* _What you need to do_
All entries are to be printed again exactly, with their images omitted.

=== Recorded data ===

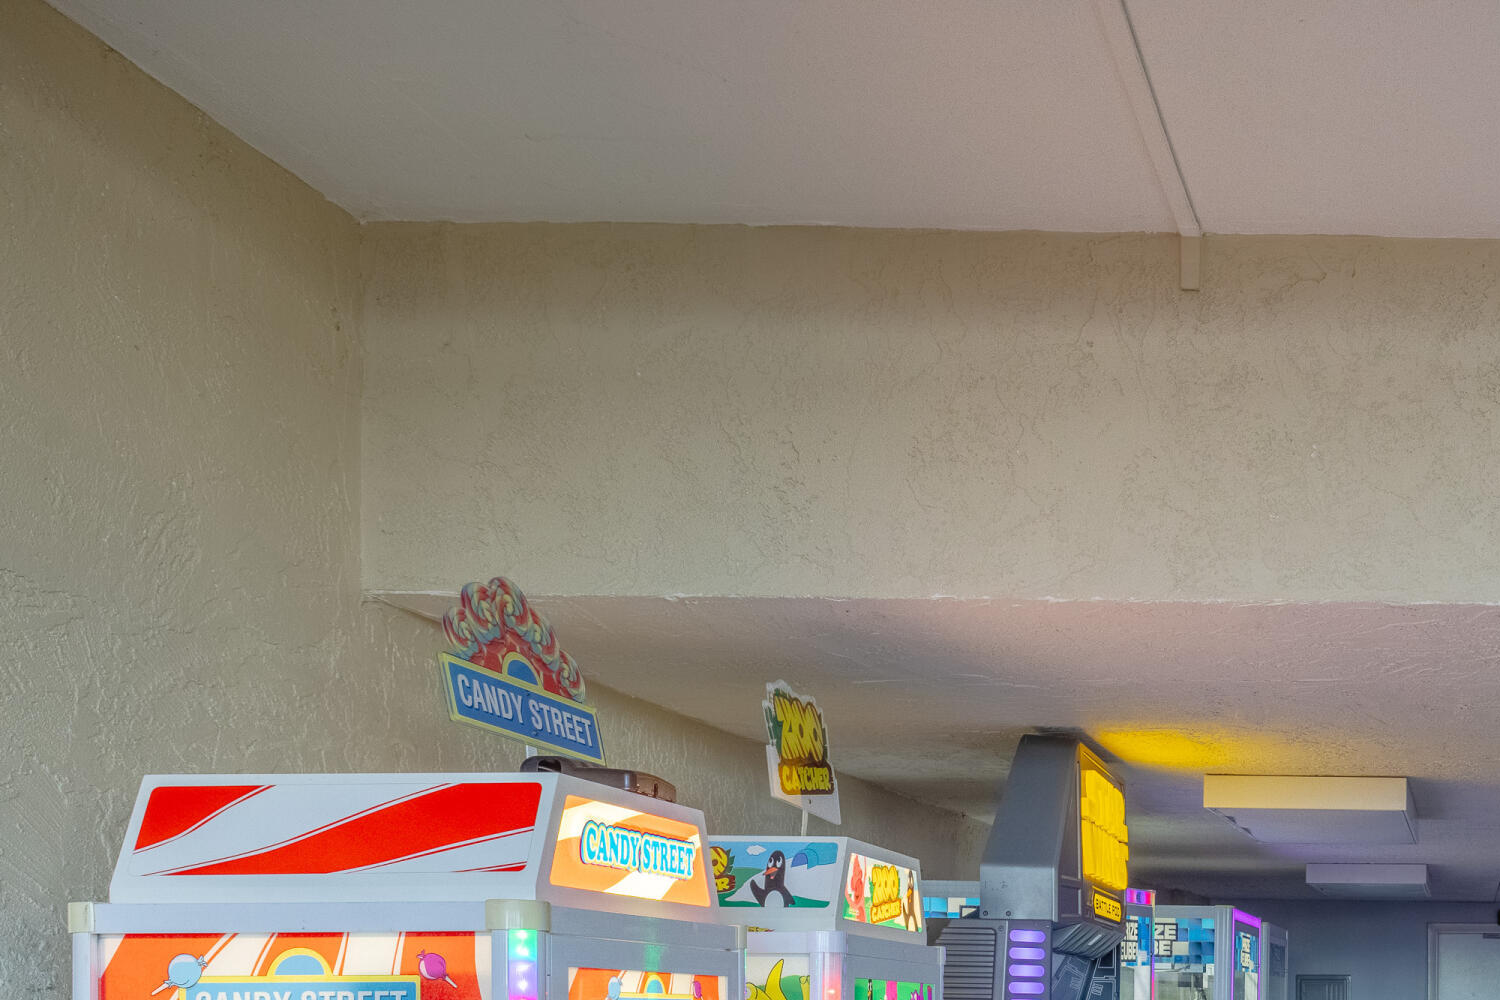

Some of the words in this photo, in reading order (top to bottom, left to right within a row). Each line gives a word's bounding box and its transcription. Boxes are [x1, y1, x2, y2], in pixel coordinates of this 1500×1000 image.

[457, 673, 524, 724] CANDY
[528, 699, 593, 748] STREET
[782, 764, 832, 791] CATCHER
[583, 822, 641, 870] CANDY
[641, 834, 695, 880] STREET
[871, 865, 899, 906] ZOO
[871, 899, 901, 922] CATCHER
[1096, 897, 1112, 914] BATTLE
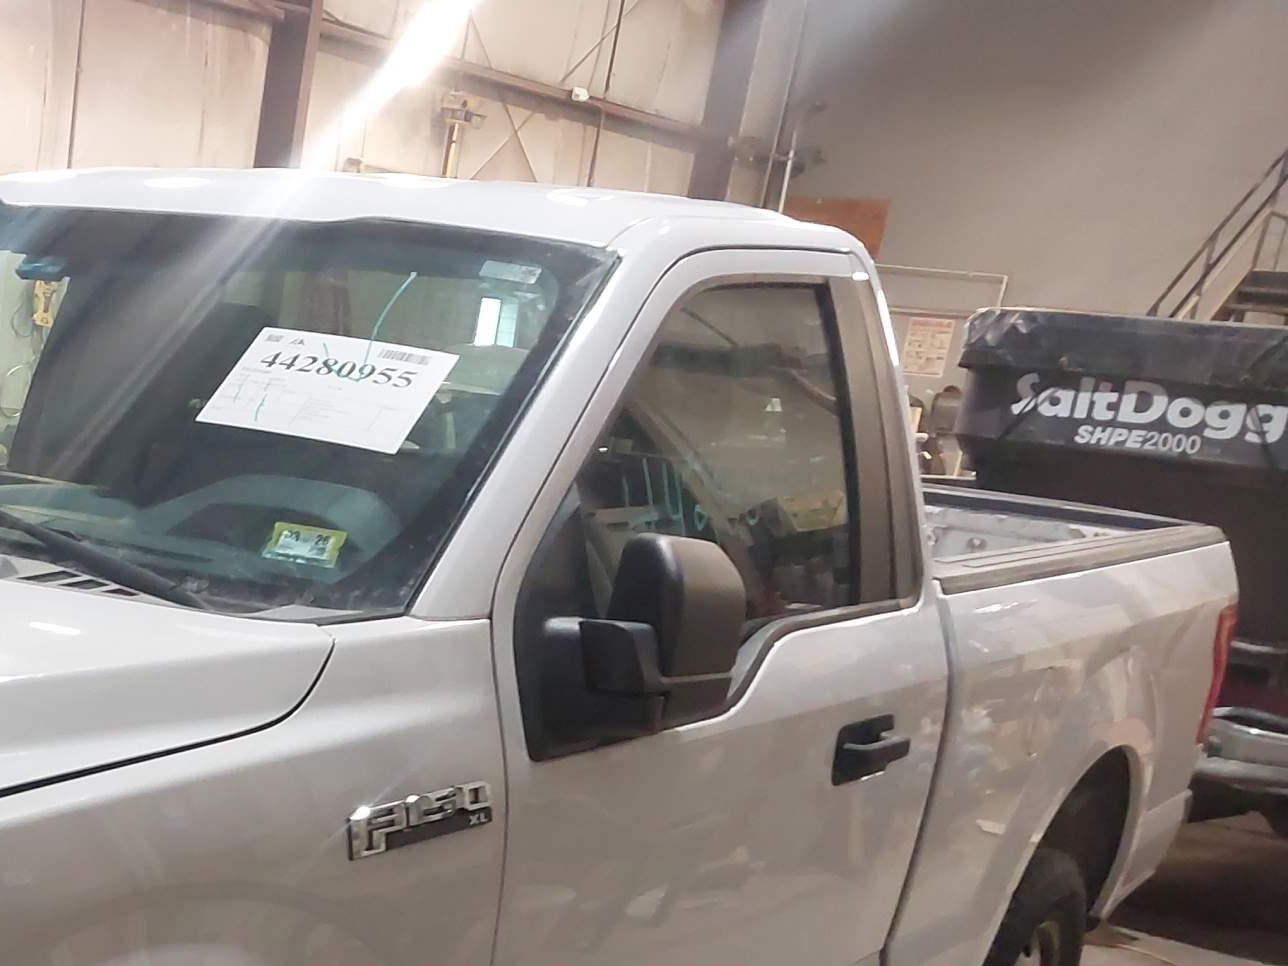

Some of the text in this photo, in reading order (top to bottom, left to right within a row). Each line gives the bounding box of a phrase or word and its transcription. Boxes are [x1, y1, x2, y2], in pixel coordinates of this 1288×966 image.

[260, 350, 417, 389] 44280955
[1011, 372, 1288, 443] SaltDogg
[1074, 425, 1201, 455] SHPE2000
[469, 813, 488, 826] XL
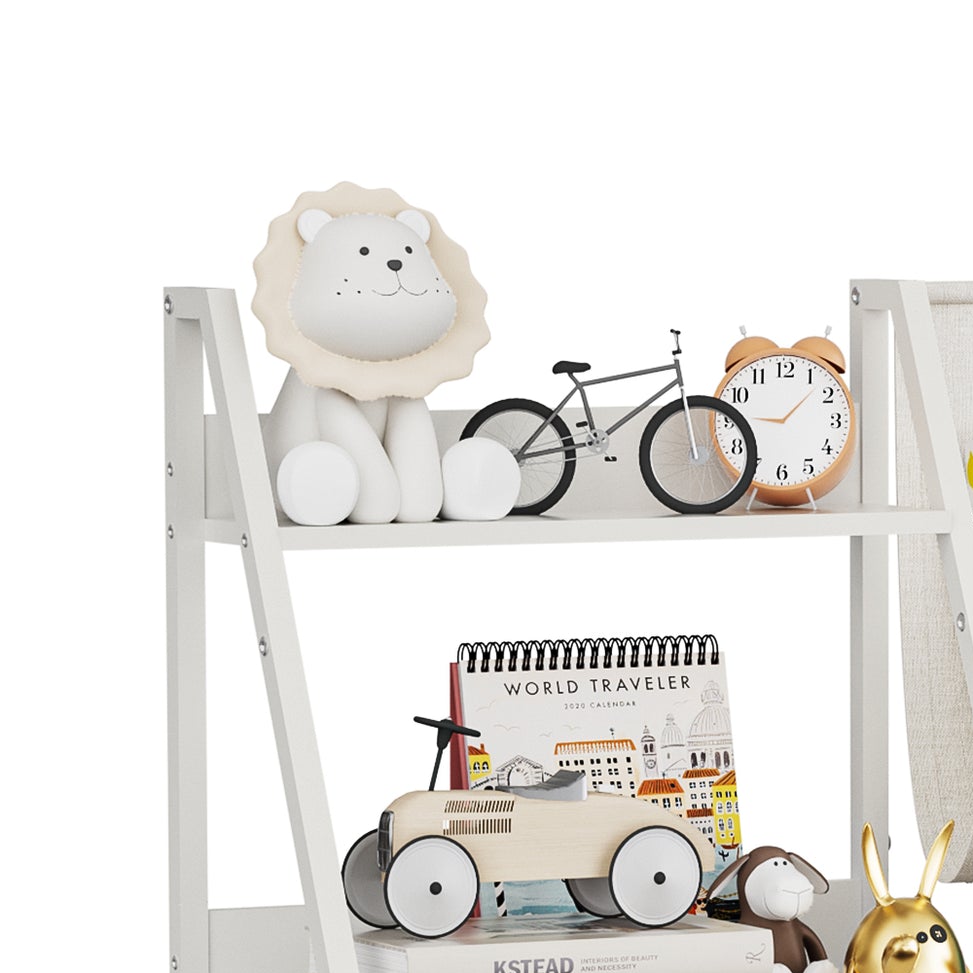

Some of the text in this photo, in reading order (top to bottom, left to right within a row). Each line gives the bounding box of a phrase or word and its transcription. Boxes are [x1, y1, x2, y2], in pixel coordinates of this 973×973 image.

[752, 368, 765, 385] 11
[776, 361, 795, 379] 12
[807, 368, 813, 385] 1
[731, 386, 749, 404] 10
[822, 386, 834, 404] 2
[830, 412, 842, 429] 3
[731, 438, 743, 455] 8
[821, 438, 833, 455] 4
[776, 463, 788, 481] 6
[802, 458, 814, 475] 5
[504, 675, 691, 696] WORLD TRAVELER
[564, 700, 637, 710] 2020 CALENDAR
[580, 957, 619, 965] INTERIORS
[631, 954, 659, 962] BEAUTY
[580, 963, 637, 973] AND NECESSITY
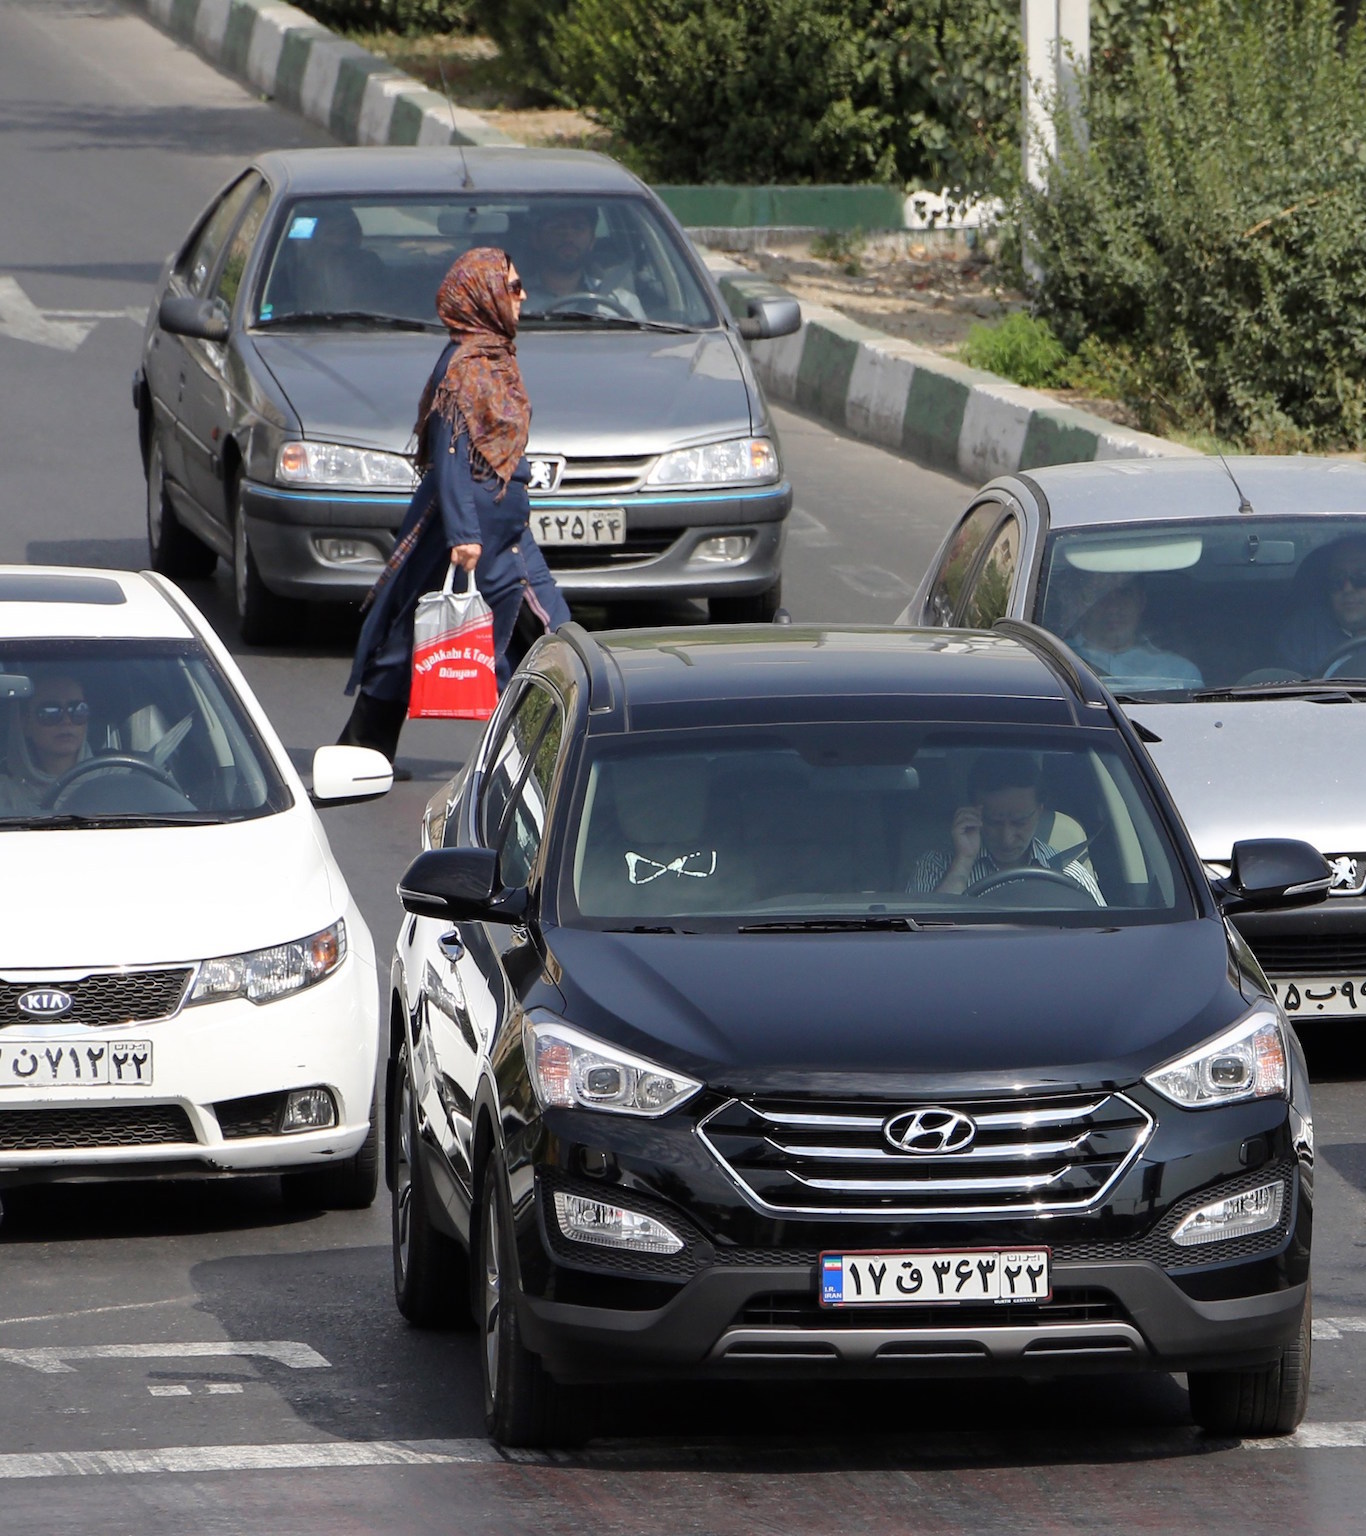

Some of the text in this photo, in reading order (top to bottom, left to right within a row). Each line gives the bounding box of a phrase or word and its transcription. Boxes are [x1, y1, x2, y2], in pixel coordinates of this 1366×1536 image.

[415, 647, 495, 675] Ayakkabı & Terli
[439, 667, 478, 681] Dünyası
[27, 994, 63, 1009] KIA
[114, 1043, 146, 1051] ایران
[1006, 1254, 1041, 1262] ایران
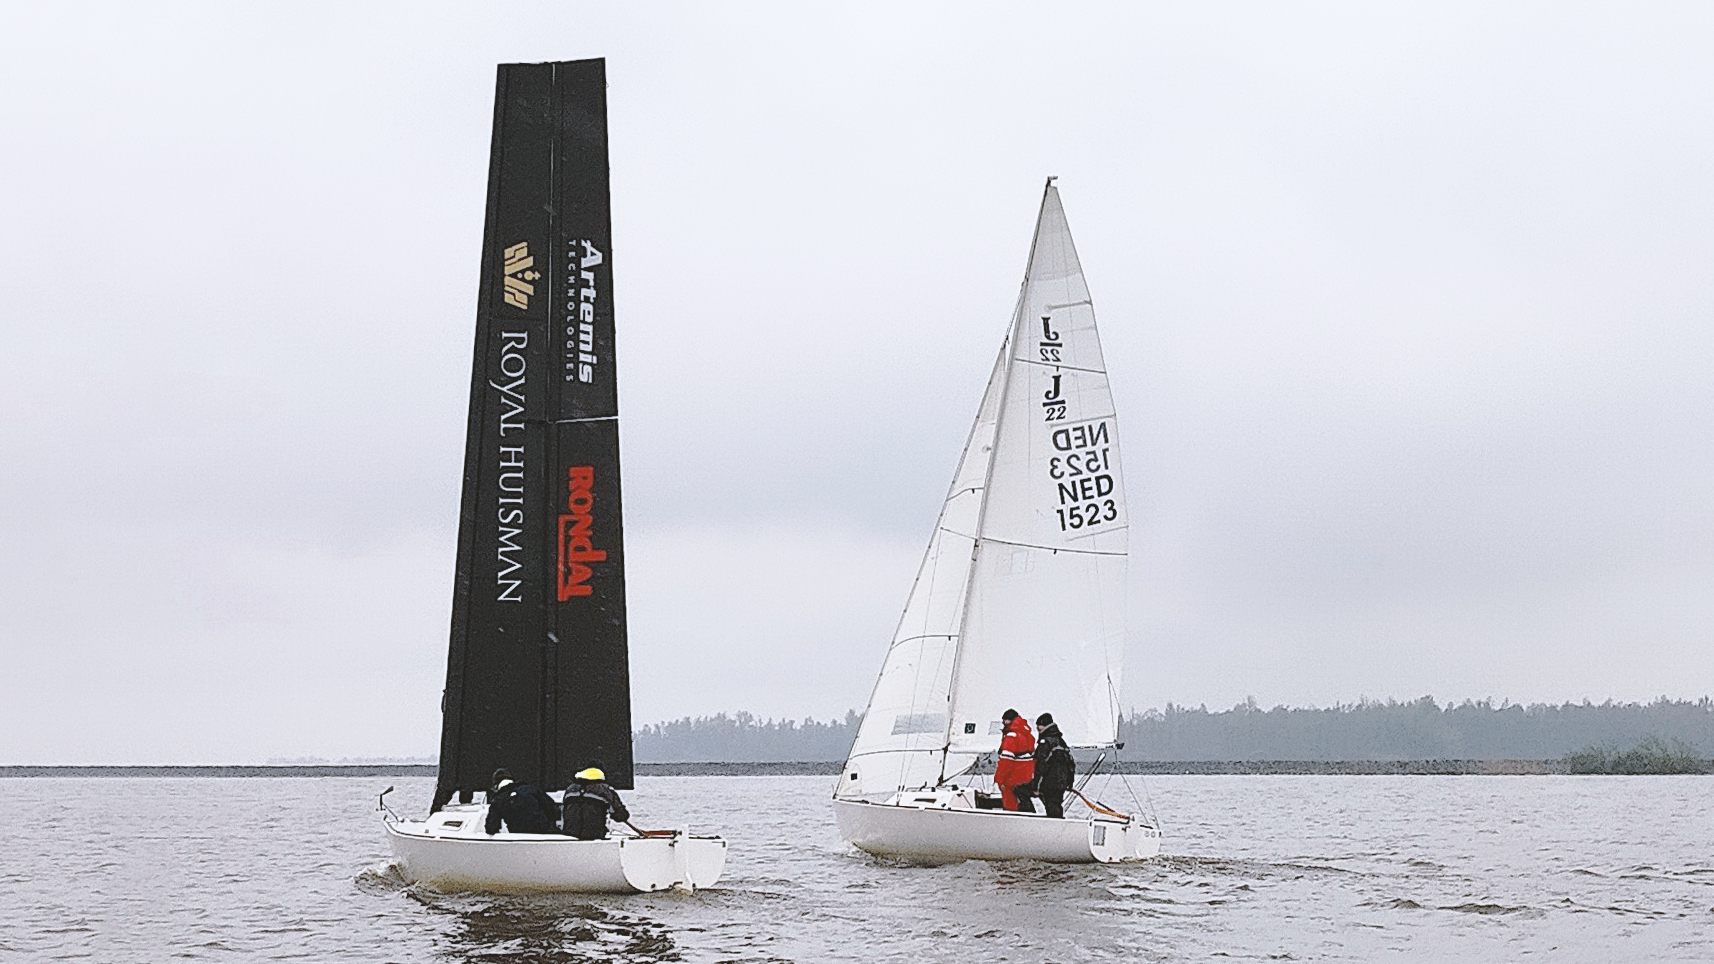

===

* _Answer space_
Some of the words in this photo, in reading order (top to bottom, left to right within a row). Each line gives a word's bounding box and its transcription. Boxes are [x1, y1, x2, y2], in pixel coordinates of this 1500×1000 image.

[457, 673, 524, 724] CANDY
[528, 699, 593, 748] STREET
[782, 764, 832, 791] CATCHER
[583, 822, 641, 870] CANDY
[641, 834, 695, 880] STREET
[871, 865, 899, 906] ZOO
[871, 899, 901, 922] CATCHER
[1096, 897, 1112, 914] BATTLE

Some of the text in this photo, in reading order (top to bottom, left to right within a row). Each line gives the bounding box of a phrase or word and its transcription. Boxes are [x1, y1, x2, y2], in pixel coordinates of this 1288×966 image.

[260, 350, 417, 389] 44280955
[1011, 372, 1288, 443] SaltDogg
[1074, 425, 1201, 455] SHPE2000
[469, 813, 488, 826] XL

Some of the text in this photo, in reading order (top to bottom, left to right within a row). Each line gives the bounding box of a phrase or word and its transcription. Boxes are [x1, y1, x2, y2], in pixel coordinates of this 973×973 image.

[752, 368, 765, 385] 11
[776, 361, 795, 379] 12
[807, 368, 813, 385] 1
[731, 386, 749, 404] 10
[822, 386, 834, 404] 2
[830, 412, 842, 429] 3
[731, 438, 743, 455] 8
[821, 438, 833, 455] 4
[776, 463, 788, 481] 6
[802, 458, 814, 475] 5
[504, 675, 691, 696] WORLD TRAVELER
[564, 700, 637, 710] 2020 CALENDAR
[580, 957, 619, 965] INTERIORS
[631, 954, 659, 962] BEAUTY
[580, 963, 637, 973] AND NECESSITY

Some of the text in this photo, in reading order (top to bottom, left to right within a row). Each line gives the bounding box of a phrase or word and its transcription. Boxes are [x1, y1, x2, y2], in pixel coordinates of this 1366×1536 image.

[415, 647, 495, 675] Ayakkabı & Terli
[439, 667, 478, 681] Dünyası
[27, 994, 63, 1009] KIA
[114, 1043, 146, 1051] ایران
[1006, 1254, 1041, 1262] ایران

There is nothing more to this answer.